[Data extracted from a collection]

[Start of Attachment]

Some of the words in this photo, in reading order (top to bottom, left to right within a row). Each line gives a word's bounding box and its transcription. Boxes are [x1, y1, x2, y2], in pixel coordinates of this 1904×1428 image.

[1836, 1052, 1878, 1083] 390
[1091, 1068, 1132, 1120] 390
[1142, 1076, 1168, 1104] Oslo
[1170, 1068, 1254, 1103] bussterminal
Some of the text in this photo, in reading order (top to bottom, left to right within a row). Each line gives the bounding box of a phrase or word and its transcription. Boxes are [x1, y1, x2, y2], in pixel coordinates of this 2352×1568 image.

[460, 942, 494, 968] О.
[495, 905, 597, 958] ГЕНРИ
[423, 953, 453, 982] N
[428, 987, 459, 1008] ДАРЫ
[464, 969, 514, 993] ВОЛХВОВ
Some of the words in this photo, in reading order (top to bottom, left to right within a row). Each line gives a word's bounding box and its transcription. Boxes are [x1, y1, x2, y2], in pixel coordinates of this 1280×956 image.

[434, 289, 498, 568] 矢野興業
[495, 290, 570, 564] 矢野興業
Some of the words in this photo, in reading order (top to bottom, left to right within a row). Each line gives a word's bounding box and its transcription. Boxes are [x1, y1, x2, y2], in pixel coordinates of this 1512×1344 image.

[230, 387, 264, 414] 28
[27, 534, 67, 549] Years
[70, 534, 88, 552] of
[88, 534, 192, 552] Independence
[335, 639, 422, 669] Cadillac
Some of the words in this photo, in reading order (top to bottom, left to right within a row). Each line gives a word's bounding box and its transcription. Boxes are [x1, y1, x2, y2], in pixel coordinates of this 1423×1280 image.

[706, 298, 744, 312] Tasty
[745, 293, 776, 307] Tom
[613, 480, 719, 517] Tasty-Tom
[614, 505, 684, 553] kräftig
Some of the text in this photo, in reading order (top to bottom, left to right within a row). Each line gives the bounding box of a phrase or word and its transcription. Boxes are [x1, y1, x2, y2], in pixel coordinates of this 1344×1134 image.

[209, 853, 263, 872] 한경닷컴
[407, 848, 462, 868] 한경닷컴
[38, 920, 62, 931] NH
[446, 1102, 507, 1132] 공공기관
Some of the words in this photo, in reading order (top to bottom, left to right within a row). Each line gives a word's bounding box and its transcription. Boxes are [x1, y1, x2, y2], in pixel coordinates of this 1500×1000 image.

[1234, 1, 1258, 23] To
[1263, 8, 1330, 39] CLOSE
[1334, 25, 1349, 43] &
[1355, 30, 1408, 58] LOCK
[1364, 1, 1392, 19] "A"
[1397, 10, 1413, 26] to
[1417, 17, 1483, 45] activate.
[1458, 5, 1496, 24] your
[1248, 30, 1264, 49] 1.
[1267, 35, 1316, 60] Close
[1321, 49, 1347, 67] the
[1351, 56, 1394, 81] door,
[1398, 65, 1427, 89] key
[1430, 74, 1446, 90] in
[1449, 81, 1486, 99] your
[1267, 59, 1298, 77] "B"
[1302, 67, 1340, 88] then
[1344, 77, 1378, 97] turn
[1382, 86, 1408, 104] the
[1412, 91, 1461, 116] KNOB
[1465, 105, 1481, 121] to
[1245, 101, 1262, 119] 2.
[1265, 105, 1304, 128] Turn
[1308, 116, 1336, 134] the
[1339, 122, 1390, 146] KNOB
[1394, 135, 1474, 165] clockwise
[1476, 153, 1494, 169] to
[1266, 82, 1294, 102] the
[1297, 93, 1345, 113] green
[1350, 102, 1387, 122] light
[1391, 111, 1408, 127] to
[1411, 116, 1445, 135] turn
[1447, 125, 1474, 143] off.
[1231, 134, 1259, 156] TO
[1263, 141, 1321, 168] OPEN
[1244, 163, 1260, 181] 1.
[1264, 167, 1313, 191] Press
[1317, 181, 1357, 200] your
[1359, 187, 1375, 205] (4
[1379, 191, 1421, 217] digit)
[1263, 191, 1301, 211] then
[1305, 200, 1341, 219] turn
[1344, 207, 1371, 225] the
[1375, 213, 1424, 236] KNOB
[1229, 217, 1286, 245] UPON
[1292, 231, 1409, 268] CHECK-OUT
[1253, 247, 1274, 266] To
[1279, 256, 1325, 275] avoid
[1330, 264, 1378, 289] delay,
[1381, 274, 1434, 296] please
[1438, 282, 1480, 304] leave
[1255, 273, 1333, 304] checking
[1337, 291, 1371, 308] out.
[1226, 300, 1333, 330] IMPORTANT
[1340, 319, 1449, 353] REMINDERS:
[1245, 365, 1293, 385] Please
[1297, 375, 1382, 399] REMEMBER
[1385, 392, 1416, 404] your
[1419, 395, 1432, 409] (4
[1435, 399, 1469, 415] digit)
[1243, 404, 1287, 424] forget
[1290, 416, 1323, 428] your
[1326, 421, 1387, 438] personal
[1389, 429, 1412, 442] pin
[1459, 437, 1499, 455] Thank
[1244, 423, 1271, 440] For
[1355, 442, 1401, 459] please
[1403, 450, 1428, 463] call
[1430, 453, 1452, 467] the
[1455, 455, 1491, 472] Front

[End of Attachment]

What is wanted is the complete set of entries, returned verbatim.

Exercise result ::
Some of the words in this photo, in reading order (top to bottom, left to right within a row). Each line gives a word's bounding box and its transcription. Boxes are [x1, y1, x2, y2], in pixel coordinates of this 1904×1428 image.

[1836, 1052, 1878, 1083] 390
[1091, 1068, 1132, 1120] 390
[1142, 1076, 1168, 1104] Oslo
[1170, 1068, 1254, 1103] bussterminal
Some of the text in this photo, in reading order (top to bottom, left to right within a row). Each line gives the bounding box of a phrase or word and its transcription. Boxes are [x1, y1, x2, y2], in pixel coordinates of this 2352×1568 image.

[460, 942, 494, 968] О.
[495, 905, 597, 958] ГЕНРИ
[423, 953, 453, 982] N
[428, 987, 459, 1008] ДАРЫ
[464, 969, 514, 993] ВОЛХВОВ
Some of the words in this photo, in reading order (top to bottom, left to right within a row). Each line gives a word's bounding box and its transcription. Boxes are [x1, y1, x2, y2], in pixel coordinates of this 1280×956 image.

[434, 289, 498, 568] 矢野興業
[495, 290, 570, 564] 矢野興業
Some of the words in this photo, in reading order (top to bottom, left to right within a row). Each line gives a word's bounding box and its transcription. Boxes are [x1, y1, x2, y2], in pixel coordinates of this 1512×1344 image.

[230, 387, 264, 414] 28
[27, 534, 67, 549] Years
[70, 534, 88, 552] of
[88, 534, 192, 552] Independence
[335, 639, 422, 669] Cadillac
Some of the words in this photo, in reading order (top to bottom, left to right within a row). Each line gives a word's bounding box and its transcription. Boxes are [x1, y1, x2, y2], in pixel coordinates of this 1423×1280 image.

[706, 298, 744, 312] Tasty
[745, 293, 776, 307] Tom
[613, 480, 719, 517] Tasty-Tom
[614, 505, 684, 553] kräftig
Some of the text in this photo, in reading order (top to bottom, left to right within a row). Each line gives the bounding box of a phrase or word and its transcription. Boxes are [x1, y1, x2, y2], in pixel coordinates of this 1344×1134 image.

[209, 853, 263, 872] 한경닷컴
[407, 848, 462, 868] 한경닷컴
[38, 920, 62, 931] NH
[446, 1102, 507, 1132] 공공기관
Some of the words in this photo, in reading order (top to bottom, left to right within a row). Each line gives a word's bounding box and its transcription. Boxes are [x1, y1, x2, y2], in pixel coordinates of this 1500×1000 image.

[1234, 1, 1258, 23] To
[1263, 8, 1330, 39] CLOSE
[1334, 25, 1349, 43] &
[1355, 30, 1408, 58] LOCK
[1364, 1, 1392, 19] "A"
[1397, 10, 1413, 26] to
[1417, 17, 1483, 45] activate.
[1458, 5, 1496, 24] your
[1248, 30, 1264, 49] 1.
[1267, 35, 1316, 60] Close
[1321, 49, 1347, 67] the
[1351, 56, 1394, 81] door,
[1398, 65, 1427, 89] key
[1430, 74, 1446, 90] in
[1449, 81, 1486, 99] your
[1267, 59, 1298, 77] "B"
[1302, 67, 1340, 88] then
[1344, 77, 1378, 97] turn
[1382, 86, 1408, 104] the
[1412, 91, 1461, 116] KNOB
[1465, 105, 1481, 121] to
[1245, 101, 1262, 119] 2.
[1265, 105, 1304, 128] Turn
[1308, 116, 1336, 134] the
[1339, 122, 1390, 146] KNOB
[1394, 135, 1474, 165] clockwise
[1476, 153, 1494, 169] to
[1266, 82, 1294, 102] the
[1297, 93, 1345, 113] green
[1350, 102, 1387, 122] light
[1391, 111, 1408, 127] to
[1411, 116, 1445, 135] turn
[1447, 125, 1474, 143] off.
[1231, 134, 1259, 156] TO
[1263, 141, 1321, 168] OPEN
[1244, 163, 1260, 181] 1.
[1264, 167, 1313, 191] Press
[1317, 181, 1357, 200] your
[1359, 187, 1375, 205] (4
[1379, 191, 1421, 217] digit)
[1263, 191, 1301, 211] then
[1305, 200, 1341, 219] turn
[1344, 207, 1371, 225] the
[1375, 213, 1424, 236] KNOB
[1229, 217, 1286, 245] UPON
[1292, 231, 1409, 268] CHECK-OUT
[1253, 247, 1274, 266] To
[1279, 256, 1325, 275] avoid
[1330, 264, 1378, 289] delay,
[1381, 274, 1434, 296] please
[1438, 282, 1480, 304] leave
[1255, 273, 1333, 304] checking
[1337, 291, 1371, 308] out.
[1226, 300, 1333, 330] IMPORTANT
[1340, 319, 1449, 353] REMINDERS:
[1245, 365, 1293, 385] Please
[1297, 375, 1382, 399] REMEMBER
[1385, 392, 1416, 404] your
[1419, 395, 1432, 409] (4
[1435, 399, 1469, 415] digit)
[1243, 404, 1287, 424] forget
[1290, 416, 1323, 428] your
[1326, 421, 1387, 438] personal
[1389, 429, 1412, 442] pin
[1459, 437, 1499, 455] Thank
[1244, 423, 1271, 440] For
[1355, 442, 1401, 459] please
[1403, 450, 1428, 463] call
[1430, 453, 1452, 467] the
[1455, 455, 1491, 472] Front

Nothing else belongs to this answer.